TASK:
May I have the line containing "this 1685×1123 image." and every line after it through the end of the data, repeated exactly and with no other lines?

RECORDS:
______________________________

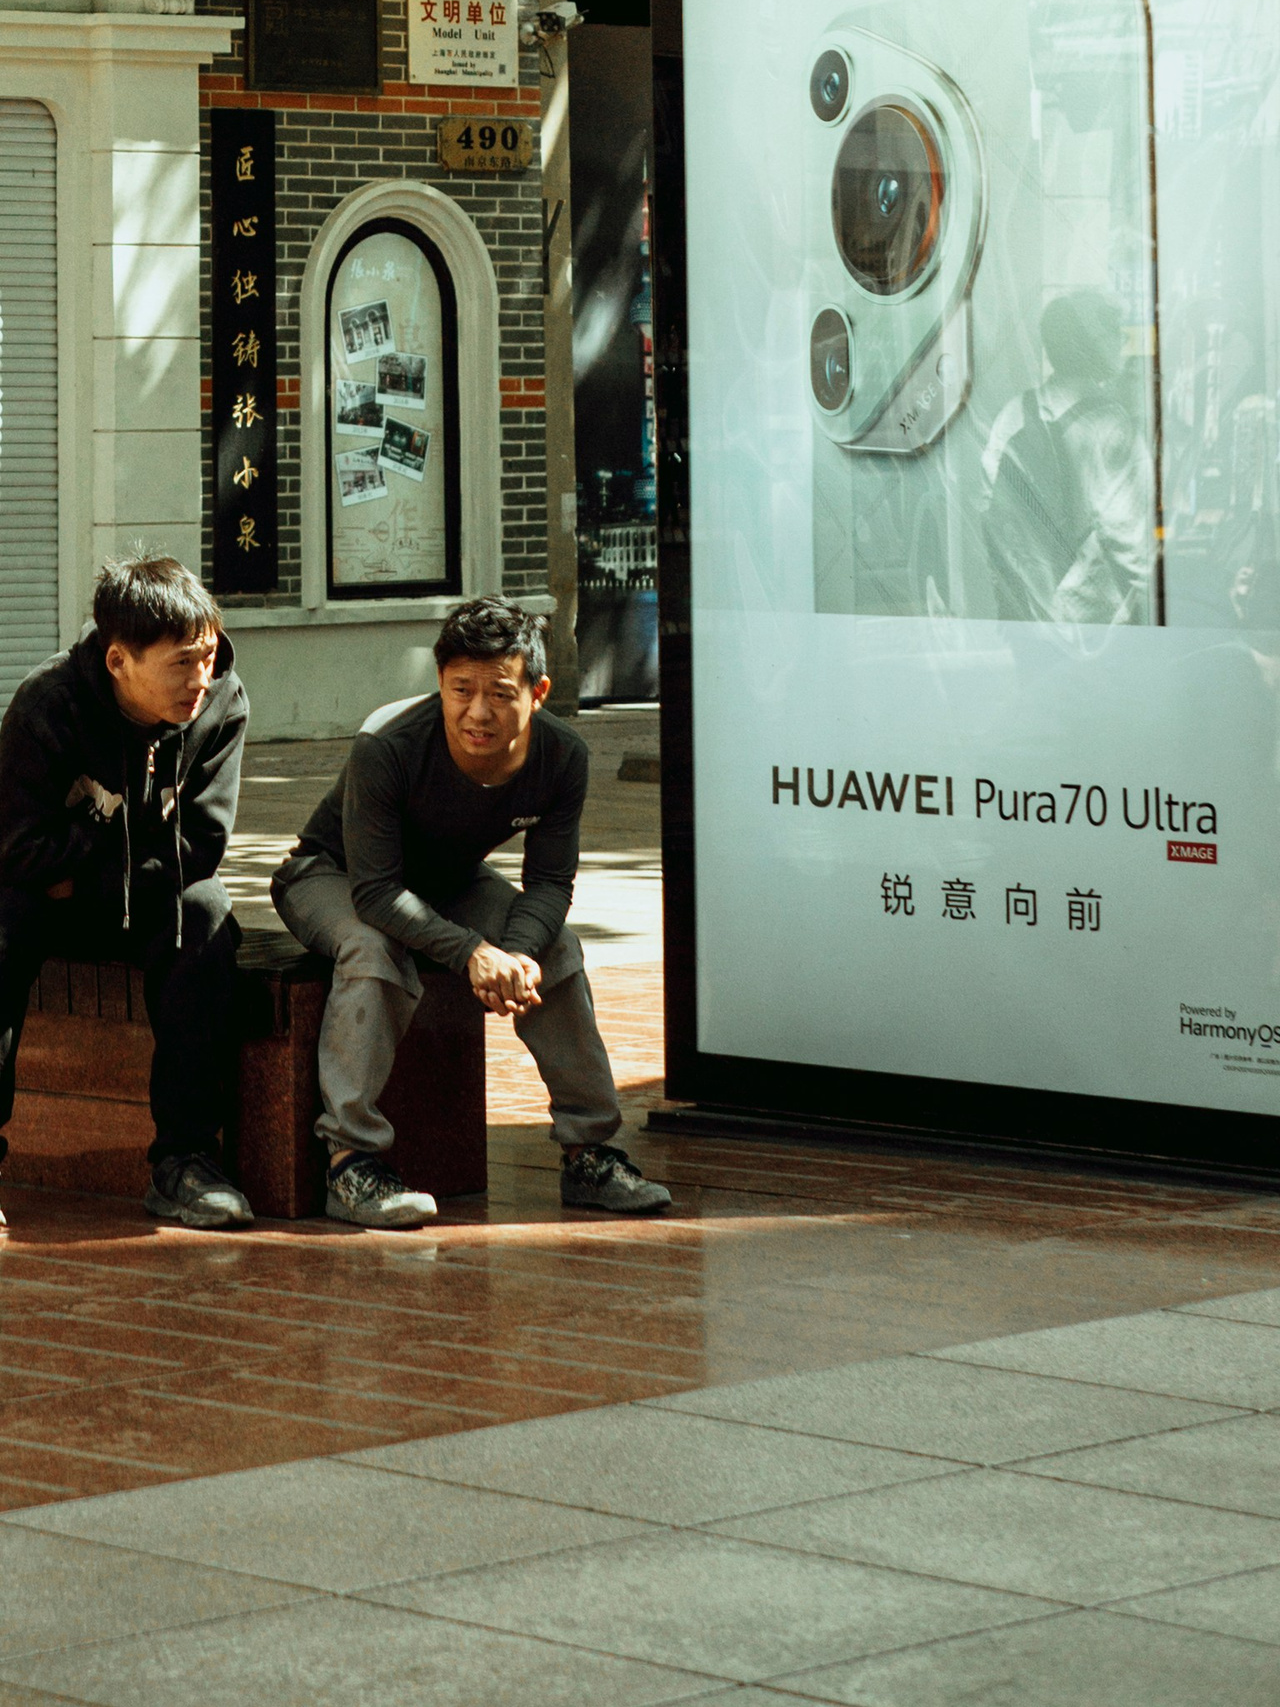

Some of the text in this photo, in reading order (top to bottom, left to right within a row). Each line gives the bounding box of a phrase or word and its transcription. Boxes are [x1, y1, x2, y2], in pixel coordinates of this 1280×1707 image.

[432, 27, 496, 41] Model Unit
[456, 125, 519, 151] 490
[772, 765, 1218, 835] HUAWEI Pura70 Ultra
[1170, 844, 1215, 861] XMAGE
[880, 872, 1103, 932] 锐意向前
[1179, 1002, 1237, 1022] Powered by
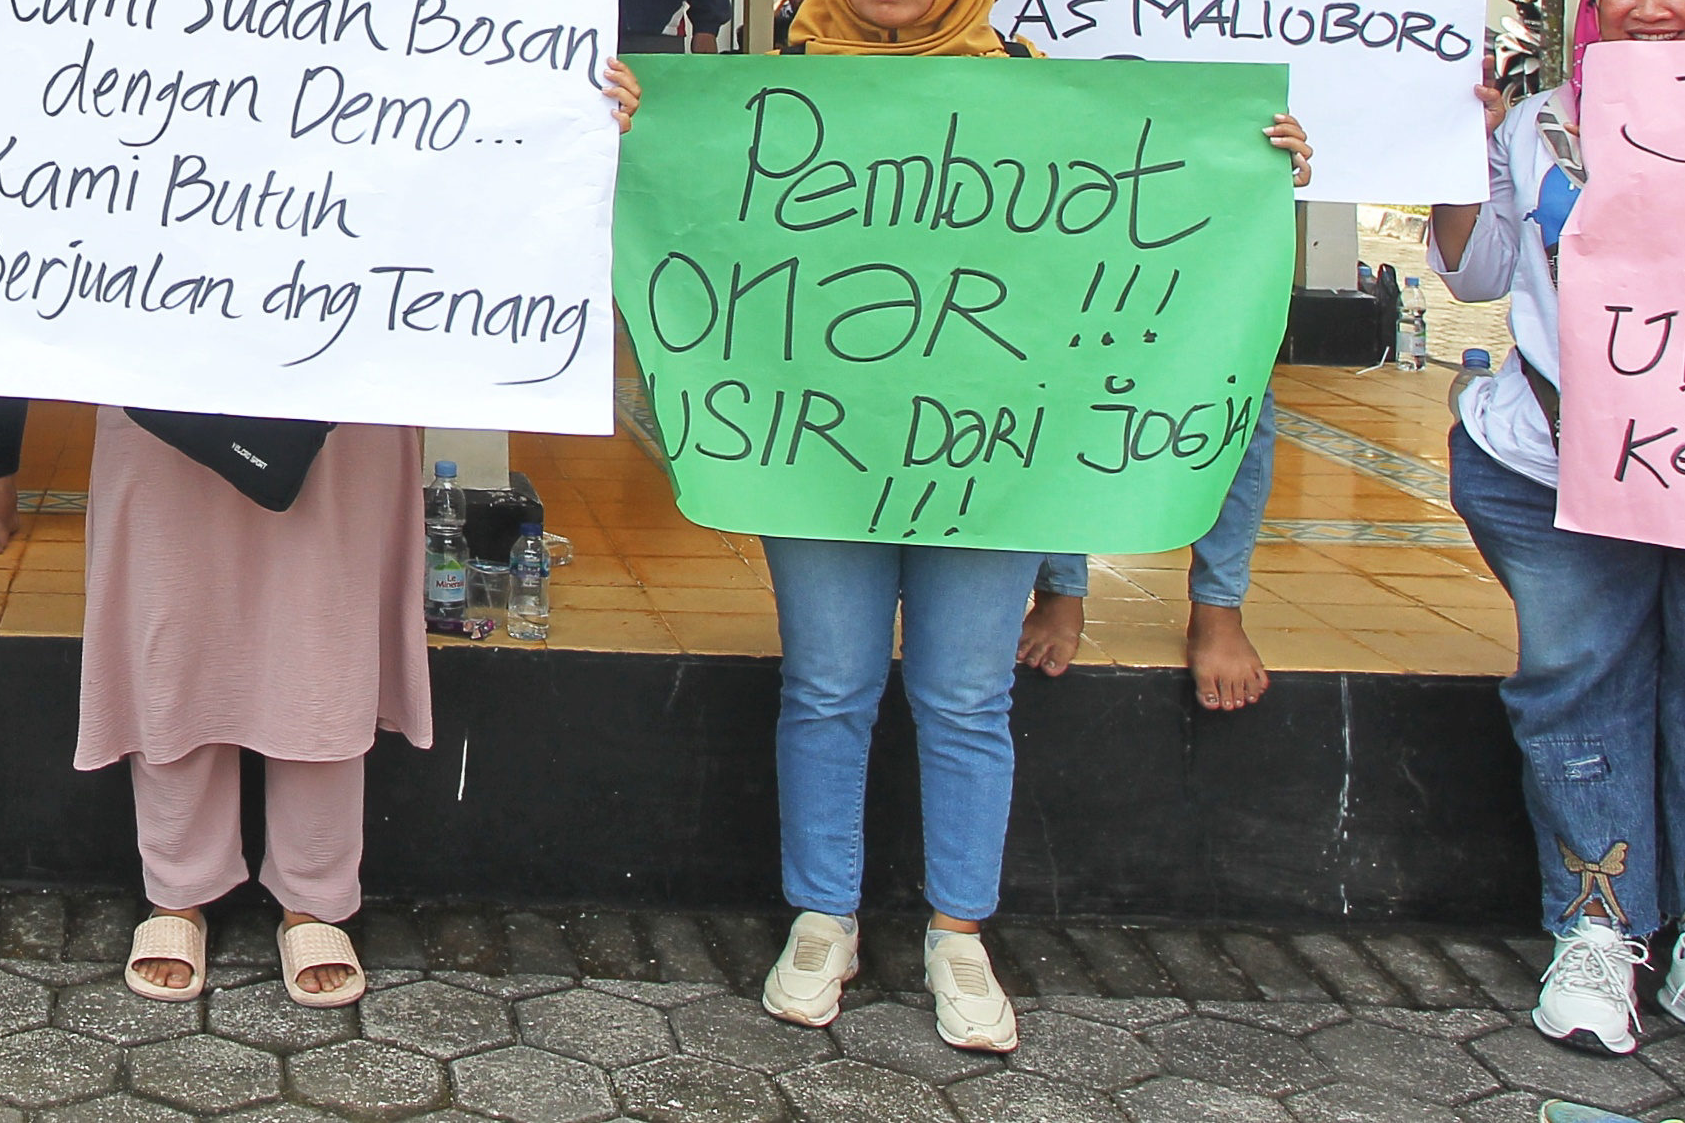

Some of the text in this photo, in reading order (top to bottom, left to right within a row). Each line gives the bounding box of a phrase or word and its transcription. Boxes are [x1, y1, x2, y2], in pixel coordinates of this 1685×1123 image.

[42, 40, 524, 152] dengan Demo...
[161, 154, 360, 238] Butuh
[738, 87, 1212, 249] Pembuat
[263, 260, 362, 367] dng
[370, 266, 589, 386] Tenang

______________________________

THE ANSWER:
Some of the text in this photo, in reading order (top to bottom, left to right within a row). Each line gives the bounding box of a phrase or word and its transcription. Boxes are [x1, y1, x2, y2], in pixel coordinates of this 1685×1123 image.

[42, 40, 524, 152] dengan Demo...
[161, 154, 360, 238] Butuh
[738, 87, 1212, 249] Pembuat
[263, 260, 362, 367] dng
[370, 266, 589, 386] Tenang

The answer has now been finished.